PROVIDED INFORMATION: Begin

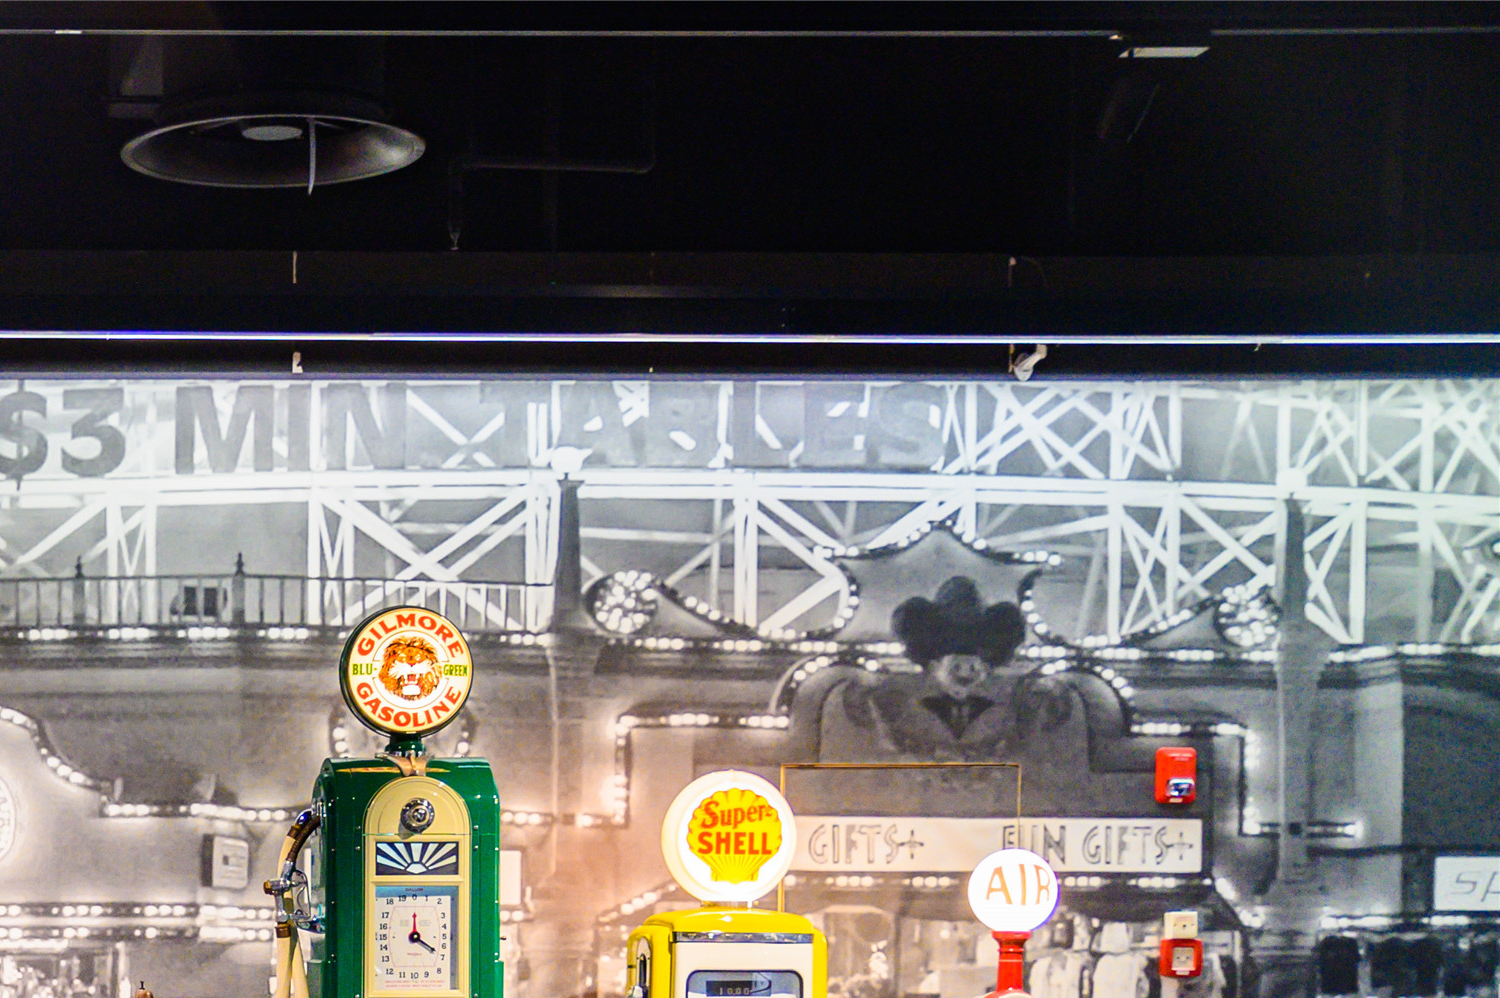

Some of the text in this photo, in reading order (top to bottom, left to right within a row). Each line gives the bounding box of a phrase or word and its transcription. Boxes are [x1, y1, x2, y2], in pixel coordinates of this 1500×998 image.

[175, 383, 407, 475] MIN
[357, 613, 464, 658] GILMORE
[443, 664, 468, 677] GREEN
[356, 682, 462, 728] GASOLINE
[698, 831, 772, 855] SHELL
[986, 863, 1051, 906] AIR

PROVIDED INFORMATION: End

TASK DESCRIPTION
Repeat the records above verbatim. Include none of the pictures.

OUTPUT OF THE TASK
Some of the text in this photo, in reading order (top to bottom, left to right within a row). Each line gives the bounding box of a phrase or word and its transcription. Boxes are [x1, y1, x2, y2], in pixel coordinates of this 1500×998 image.

[175, 383, 407, 475] MIN
[357, 613, 464, 658] GILMORE
[443, 664, 468, 677] GREEN
[356, 682, 462, 728] GASOLINE
[698, 831, 772, 855] SHELL
[986, 863, 1051, 906] AIR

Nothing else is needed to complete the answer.